Like the writer, the Confederated Salish and Kootenai Tribes Tribal Council has heard the horror stories of inadequate health care provided to our tribal members and other Indian Health Service beneficiaries. We have heard the stories for decades. 

While the CSKT previously operated the Contract Health Service program there were escalating costs due to medical inflation, population growth, and the inability to get favorable rates from providers. These issues compounded year after year.

In the final year, fiscal year 2004 which ended Sept. 30, 2005, the CSKT were provided $8 million to provide care. The final FY 2004 expenditure was in excess of $16 million.

The CSKT were liable for all costs. Funds were exhausted from every health program and reserve account to pay the bills for that year. This was a situation that could not be sustained.

The CSKT retroceded the Contract Health Service program back to the federal Indian Health Service on Oct. 1, 2005. The federal government, i.e. the Indian Health Service has operated the Contract Health Service program since that time.

The Indian Health Service as a federal agency cannot by law expend any more funds than it is appropriated. That severe shortage of federal funds by which the Indian Health Service operates has caused them to limit the level and types of care they will pay for.

Anger and frustration have been evident when a medical procedure has been determined to be needed; yet because it does not meet the “life or limb” threshold the Indian Health Service routinely denies payment for the service.

It is important to understand the difference between the CSKT Tribal Health Department and the federal Indian Health Service. They are two completely different agencies operating under different requirements.

Patients who experience denial for a medical visit/procedure must understand the agency making the denial is the federal Indian Health Service not the CSKT Tribal Health Department.

It is true that under the Indian Health Service operation only those medical services threatening one’s life or limb are authorized for payment. All other health care services including numerous diagnostic procedures, standard preventive measures or surgery improving one’s quality of life are denied or deferred until such time as funding may become available but the funding never becomes available. Consequently the person requiring the care goes without. 
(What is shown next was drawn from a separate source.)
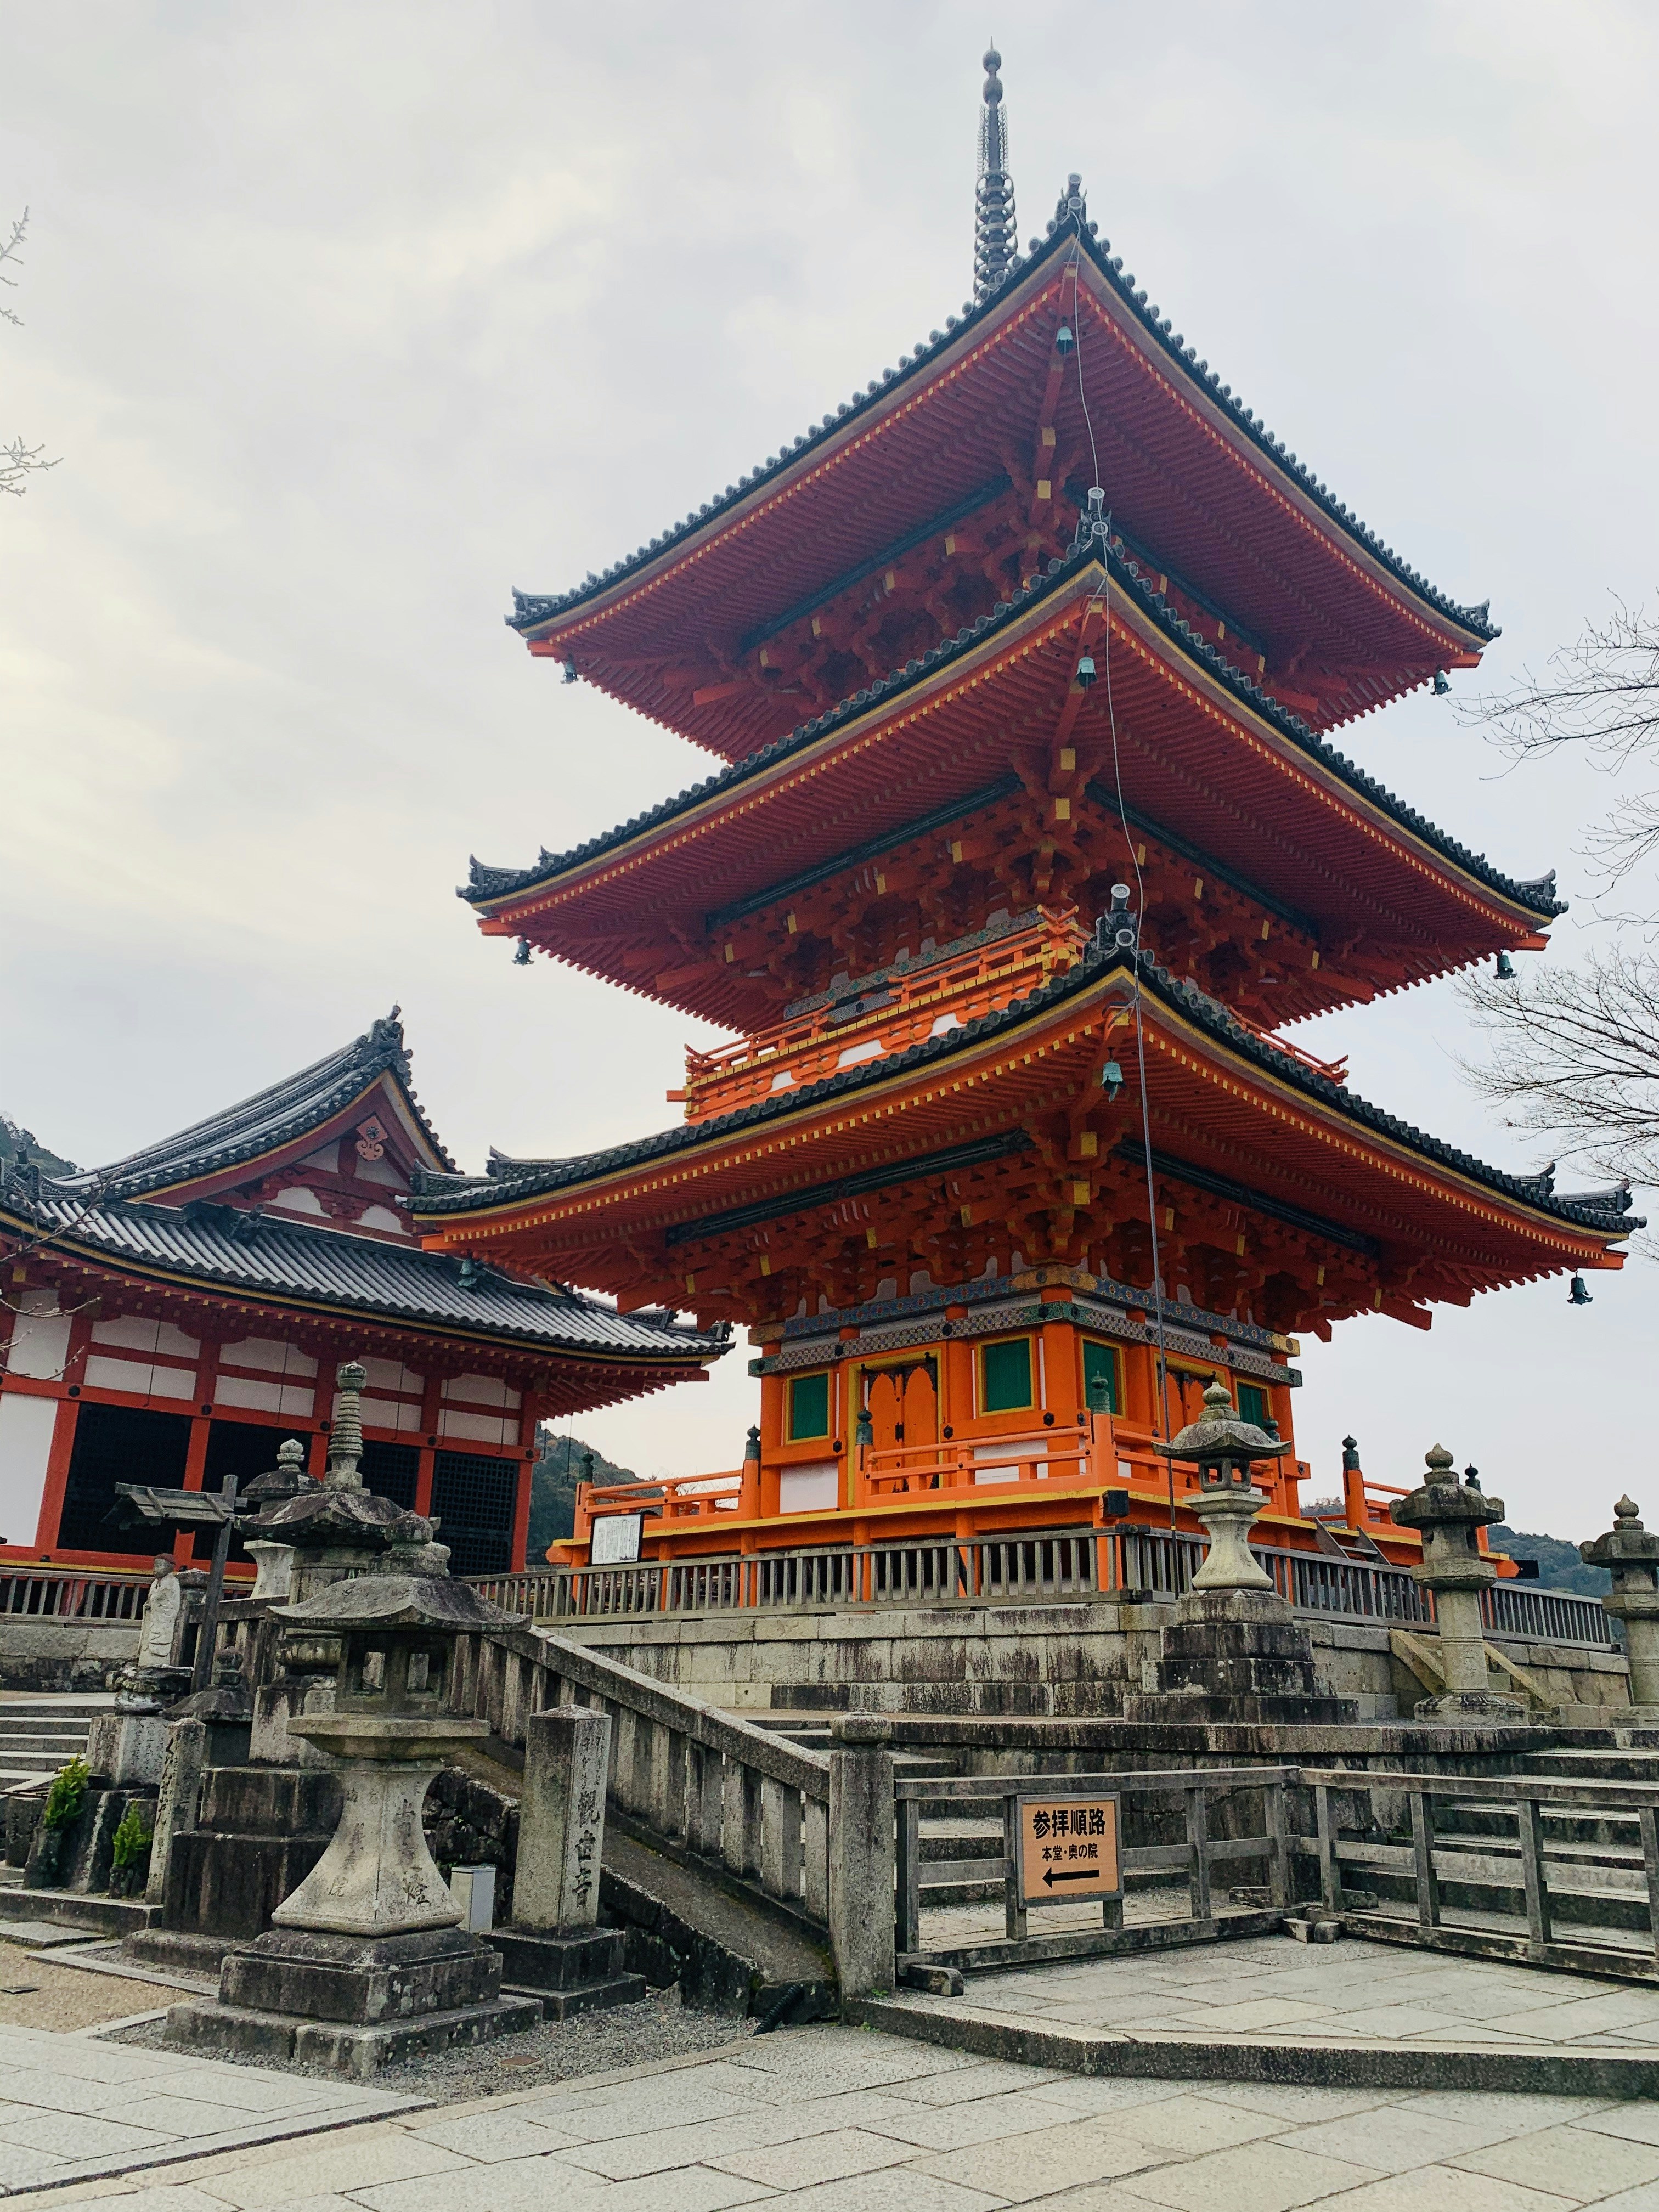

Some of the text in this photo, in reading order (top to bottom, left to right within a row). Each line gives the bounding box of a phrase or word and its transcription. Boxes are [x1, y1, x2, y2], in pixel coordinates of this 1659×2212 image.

Over the past years, the CSKT Tribal Council has authorized the use of funding we generate to provide a wide range of health care services in our tribally owned modern facilities. We are proud of the services we provide and will not permit the CSKT Tribal Health Department’s work to be represented as the work of the federal Indian Health Service. It is not. A complaint regarding the health care Indian Health Service provides or does not provide needs to be directed to them.